• _PROVIDED DATA_:
######
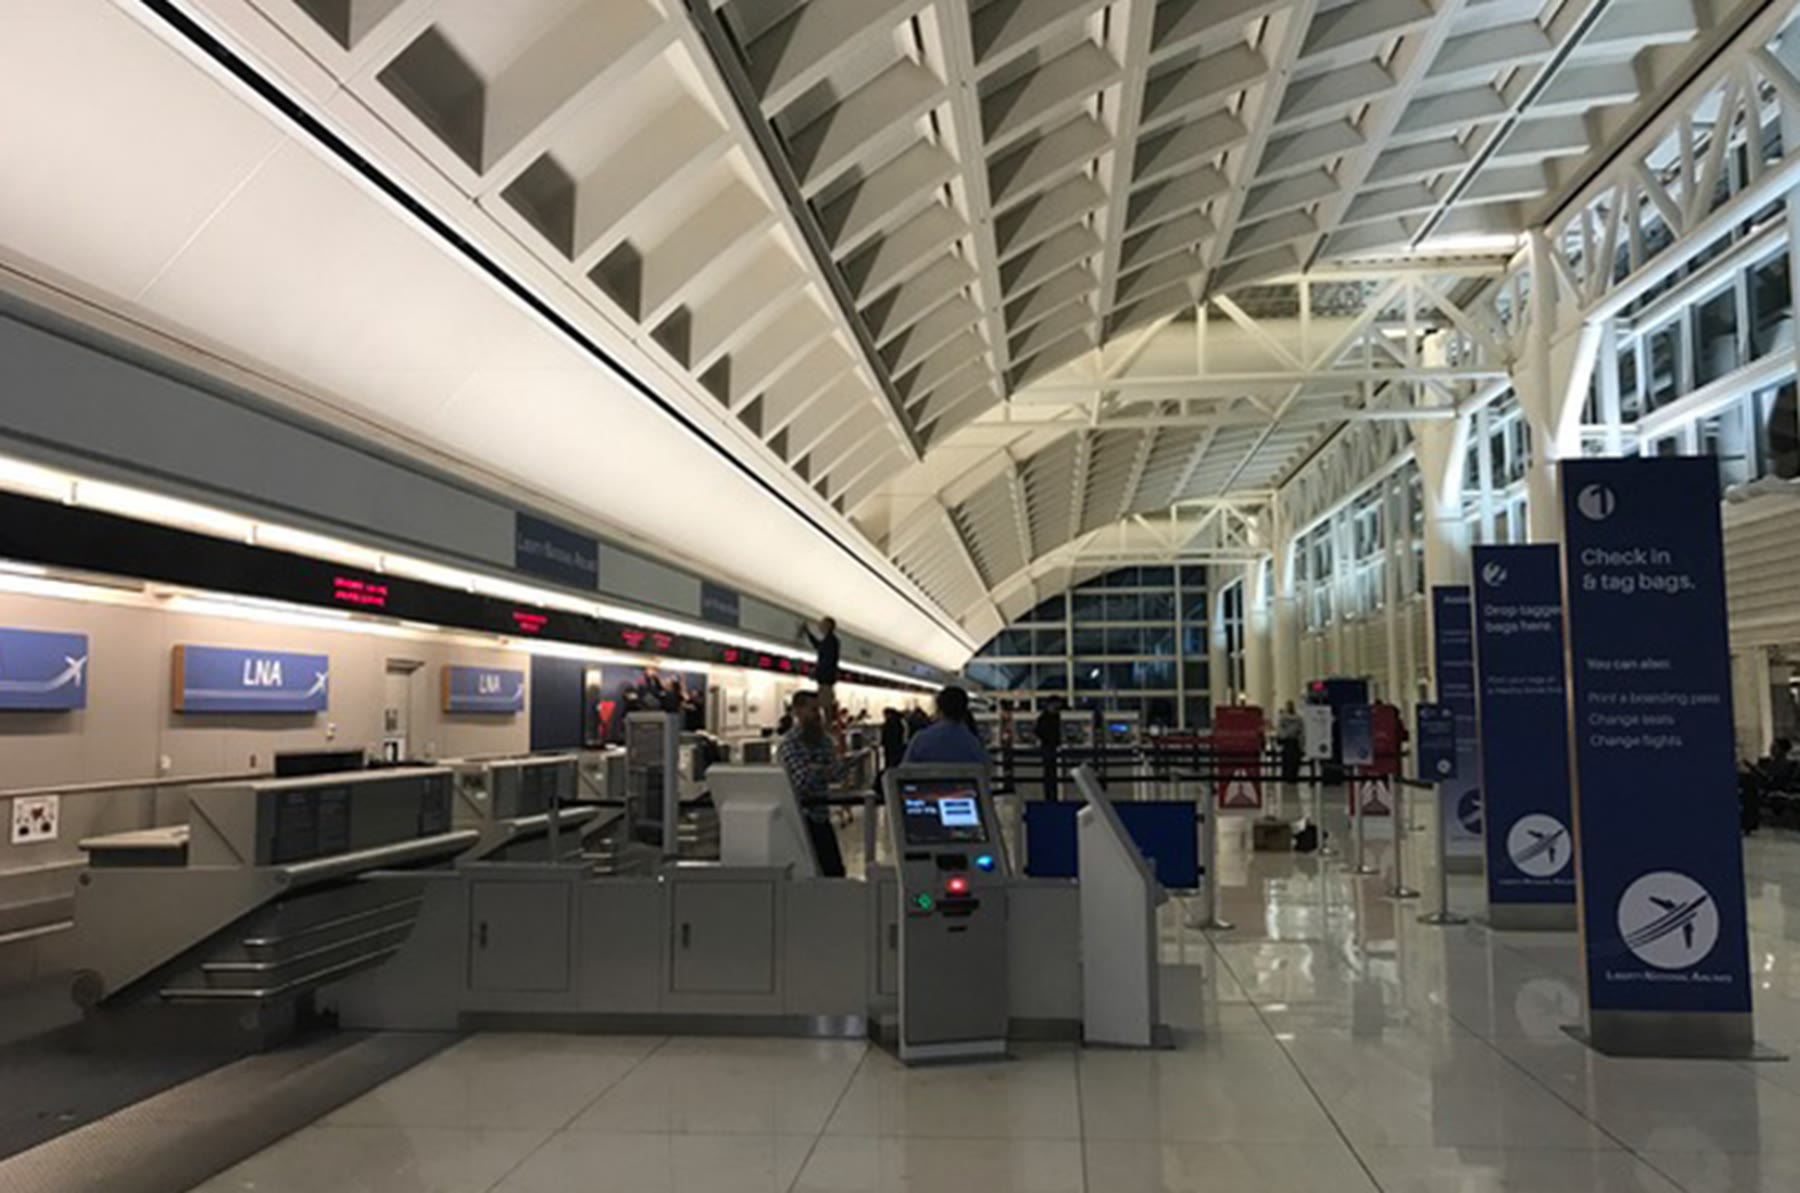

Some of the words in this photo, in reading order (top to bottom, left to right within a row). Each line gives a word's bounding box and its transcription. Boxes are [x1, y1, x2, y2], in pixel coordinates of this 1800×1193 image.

[1581, 548, 1647, 566] Check
[1583, 573, 1597, 590] &
[1600, 574, 1635, 595] tag
[1638, 573, 1696, 594] bags.
[1484, 604, 1517, 618] Drop
[1519, 605, 1562, 618] tagge
[1485, 621, 1518, 635] bags
[1586, 657, 1611, 670] You
[1613, 659, 1637, 670] can
[243, 658, 282, 687] LNA
[479, 673, 501, 694] LNA
[1587, 691, 1617, 703] Print
[1619, 693, 1627, 703] a
[1630, 691, 1688, 706] boarding
[1691, 693, 1721, 705] pass
[1588, 712, 1640, 728] Change
[1642, 713, 1676, 726] seats
[1589, 733, 1640, 749] Change
[1642, 734, 1683, 749] flights
######
• _WHAT TO PRODUCE_: The records above are to be transcribed exactly, with every picture left out.

• _RESPONSE TO THE TASK_:
Some of the words in this photo, in reading order (top to bottom, left to right within a row). Each line gives a word's bounding box and its transcription. Boxes are [x1, y1, x2, y2], in pixel coordinates of this 1800×1193 image.

[1581, 548, 1647, 566] Check
[1583, 573, 1597, 590] &
[1600, 574, 1635, 595] tag
[1638, 573, 1696, 594] bags.
[1484, 604, 1517, 618] Drop
[1519, 605, 1562, 618] tagge
[1485, 621, 1518, 635] bags
[1586, 657, 1611, 670] You
[1613, 659, 1637, 670] can
[243, 658, 282, 687] LNA
[479, 673, 501, 694] LNA
[1587, 691, 1617, 703] Print
[1619, 693, 1627, 703] a
[1630, 691, 1688, 706] boarding
[1691, 693, 1721, 705] pass
[1588, 712, 1640, 728] Change
[1642, 713, 1676, 726] seats
[1589, 733, 1640, 749] Change
[1642, 734, 1683, 749] flights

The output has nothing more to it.